Câmbio fecha a segunda em forte alta, refletindo receios de escalada nas tensões comerciais globais
▲ Taxa de câmbio (USDBRL): R$ 5,9112 (+1,3%)
▲ Dollar Index (DXY): ~103,3 pontos (+0,3%)
Em dia de intensa volatilidade, o mercado de divisas repercutiu os temores de uma “guerra tarifária” global após o presidente dos EUA, Donald Trump, ameaçar elevar as tarifas de importação sobre a China em mais 50 pontos percentuais se o país asiático retaliar as sobretaxas anunciadas pelo país americano.

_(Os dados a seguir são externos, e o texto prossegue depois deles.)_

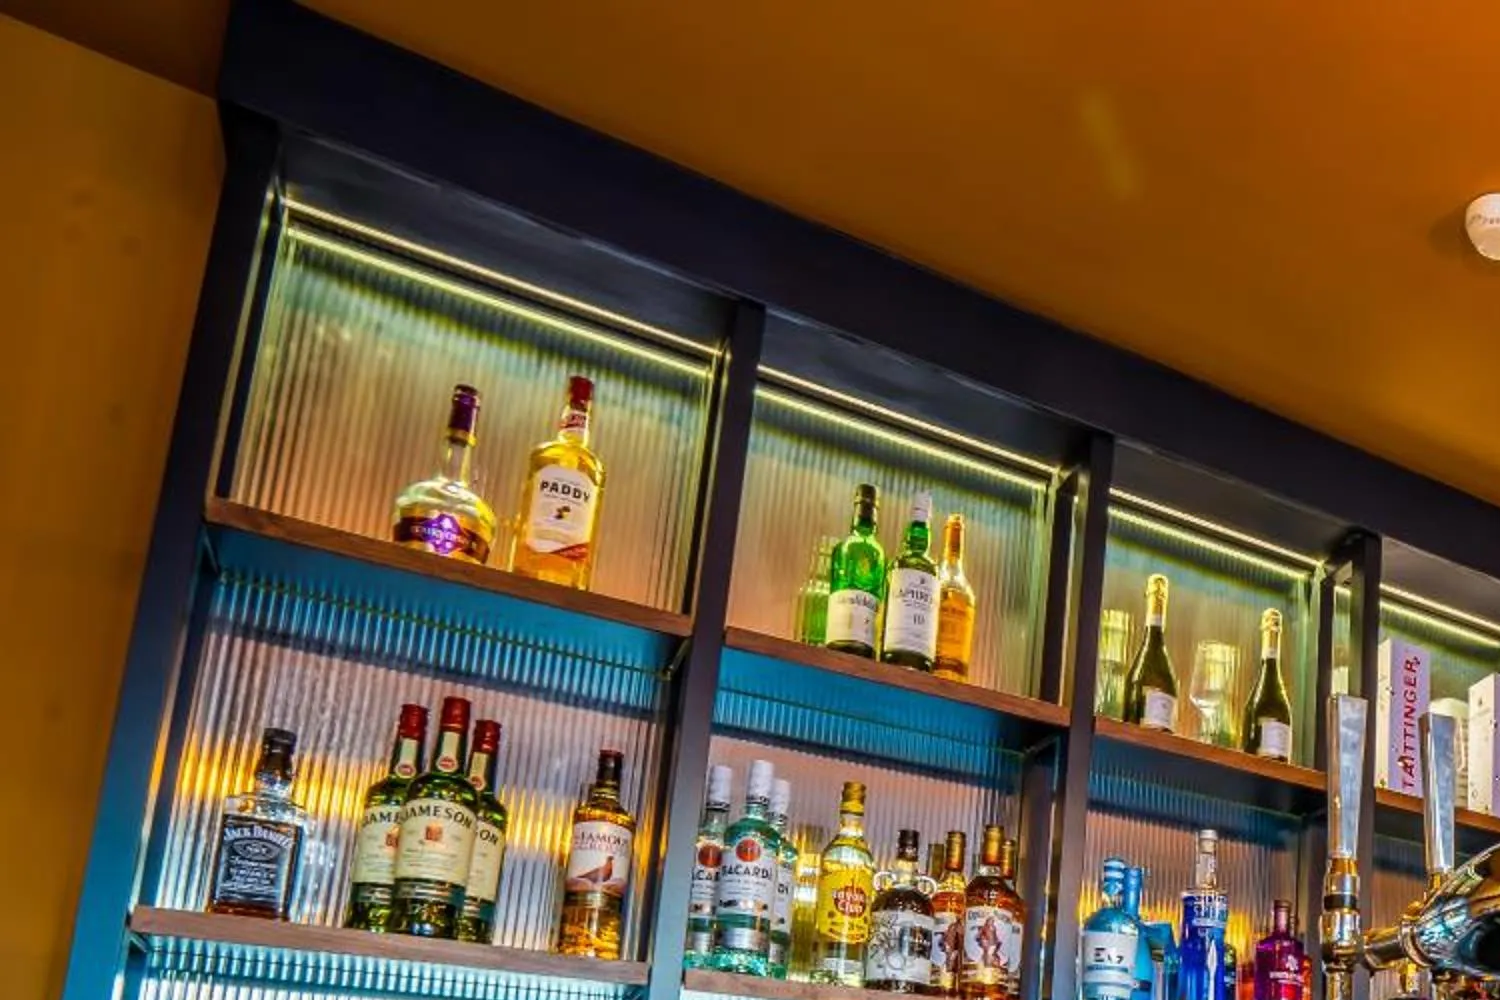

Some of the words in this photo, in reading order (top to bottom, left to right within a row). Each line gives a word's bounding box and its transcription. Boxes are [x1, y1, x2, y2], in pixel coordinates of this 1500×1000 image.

Variações | No dia: +1,25% | Na semana: +1,25% | No mês: +3,59% | No ano: -4,32% | Em 12 meses: +17,47% |
Escalada nas tensões comerciais Em dia de intensa volatilidade, a taxa de câmbio do real oscilou mais de dez centavos entre a mínima (R$ 5,8154) e a máxima (R$ 5,9316) até encerrar a segunda em alta de mais de 1%, acumulando aumento de 5,0% em duas sessões. O enfraquecimento da moeda brasileira foi resultado do profundo pessimismo e aversão global a riscos de investidores, que temem que uma “guerra tarifária” global possa resultar em recessão econômica nos EUA e no mundo. Durante a manhã, um rumor de que os Estados Unidos poderiam pausar a aplicação de suas tarifas de importação por 90 dias levou a uma rápida reversão do movimento inicial, com um rali de ativos arriscados. Pouco depois, porém, a Casa Branca desmentiu o rumor, dizendo que não suspenderia as tarifas, enquanto o presidente do país, Donald Trump, ameaçou em rede social elevar as sobretaxas de importação sobre a China em mais 50 pontos percentuais. O país asiático, cuja tarifa para a exportação de seus produtos para os EUA está em 20% e deve subir para 54% na quarta, declarou na sexta passada (04) que retribuirá a medida com tarifas de 34% sobre a compra de produtos americanos a partir desta quinta. Hoje, Trump afirmou que se Pequim não recuar de sua retaliação, os Estados Unidos adicionarão mais 50% nas tarifas de importação sobre seus produtos na quarta-feira. Este ambiente de negócios de profunda incerteza e imprevisibilidade impulsionou o desempenho de ativos considerados “portos seguros” para momentos de estresse e incerteza, como o euro, o iene japonês e o franco suíço, enfraquecendo o real.